La biodiversidad se ha formado en la tierra durante millones de años y ha estado a cargo de diferentes y variados vectores. El trabajo conjunto de polinizadores y flores (simbiosis) ha derivado en una variedad biológica que sustenta a todo el planeta. Los polinizadores silvestres, tan importantes para la preservación y sustentación de especies también están enfrentando riesgos hoy día y es nuestro deber protegerlos.

Muchos y muy importantes todos…..

No hay duda de que la polinización de insectos es un servicio vital tanto para los sistemas silvestres como para los agrícolas. No solo las abejas, sino también otros insectos polinizadores silvestres como los abejorros, abejas solitarias, las moscas, los escarabajos, las polillas, las mariposas, las hormigas, murciélagos y las avispas cumplen un papel clave en la producción agrícola global. Así lo han demostrado un estudios recopilados en los 5 continentes

Una amplia biblioteca de evidencia sugiere que ha habido una disminución generalizada en su abundancia y diversidad desde la década de 1950. Esto es importante porque tales insectos son críticos tanto para la reproducción de plantas silvestres como para la producción agrícola de alimentos.

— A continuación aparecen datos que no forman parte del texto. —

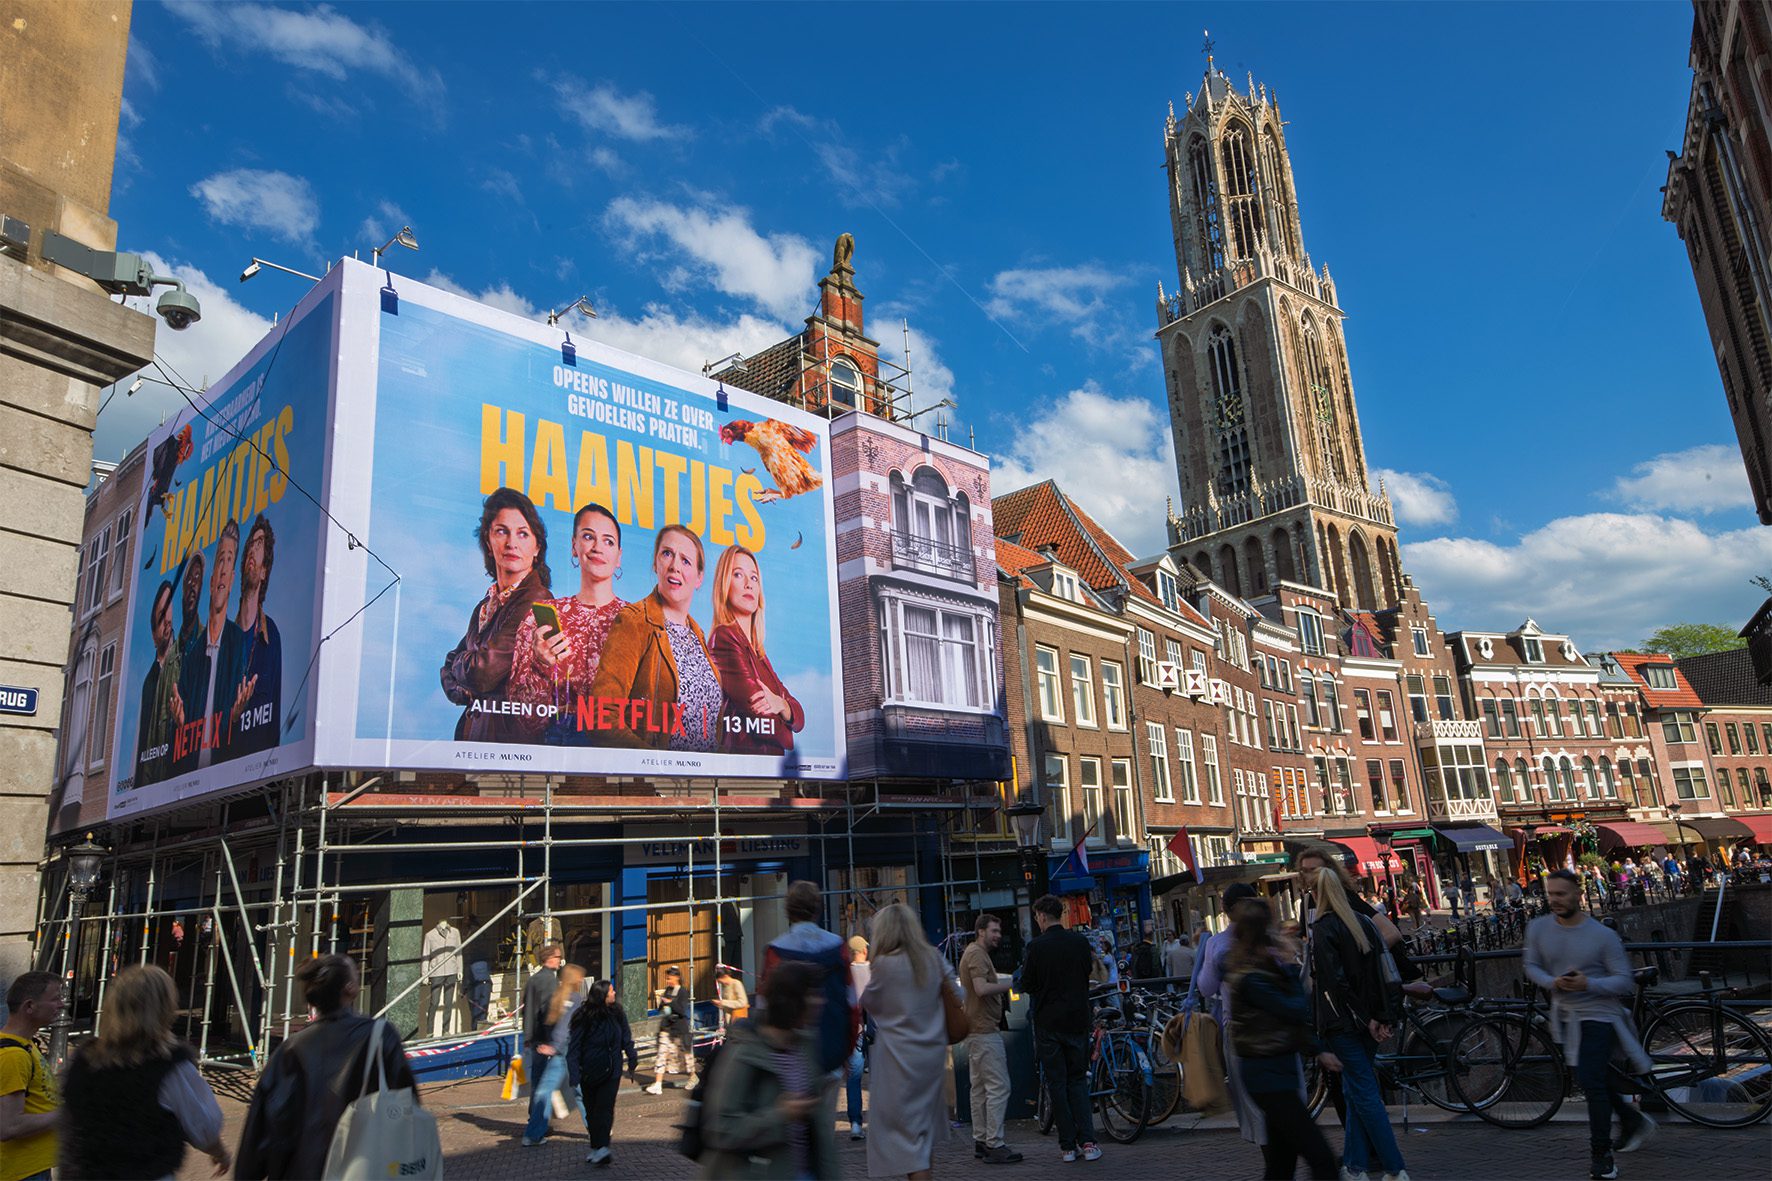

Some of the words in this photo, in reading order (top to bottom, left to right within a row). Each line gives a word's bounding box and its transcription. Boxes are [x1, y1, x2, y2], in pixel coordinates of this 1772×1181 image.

Sin los polinizadores silvestres, aproximadamente un tercio de los cultivos del mundo florecerán, sólo para desvanecerse y luego permanecer estériles. 

Los recursos limitados y la presión sobre el uso de la tierra requieren estrategias de conservación para ser más eficientes, produciendo mejores resultados a partir de aportes cada vez más limitados.

Fuente floral limitada y pérdida de ecosistemas

La pérdida de biodiversidad por deforestación agrícola, siembra de monocultivos y recarga de apicultura intensiva está trayendo graves consecuencias a los polinizadores silvestres quienes cada vez ven más restringida su alimentación y anidamiento.

El sector agrícola ha tratado de abordar la necesidad de alimentar a una población en crecimiento a través de prácticas agrícolas convencionales como la mecanización, campos más grandes o el uso de pesticidas y fertilizantes. Sin embargo, estos han contribuido a la destrucción generalizada de paisajes naturales y la pérdida de capital natural .

Los polinizadores también varían en su efectividad debido a su comportamiento alrededor de las flores y su capacidad para retener el polen. Los insectos más grandes y peludos pueden transportar más polen, mientras que los que se acicalan menos tienden a poder transferir el polen de manera más efectiva. Los abejorros, por ejemplo, son excelentes polinizadores (muy superiores a las abejas melíferas) ya que son grandes, peludos y no se arreglan tan a menudo.

Protejamos a todos los polinizadores

El problema es que solo hay floración y lugares para anidar limitados. Una vez que se aumenta artificialmente el número de abejas melíferas, la mayor competencia por estos recursos puede sacar a los polinizadores nativos de sus hábitats naturales. 

Conservación cooperativa

Aunque gran parte de los medios de comunicación se centran en las abejas melíferas, son responsables de solo un tercio de la polinización de cultivos en Gran Bretaña y de una proporción muy pequeña de la polinización de plantas silvestres. Una variedad de otros insectos que incluyen mariposas, abejorros y pequeñas moscas compensan este déficit de polinización.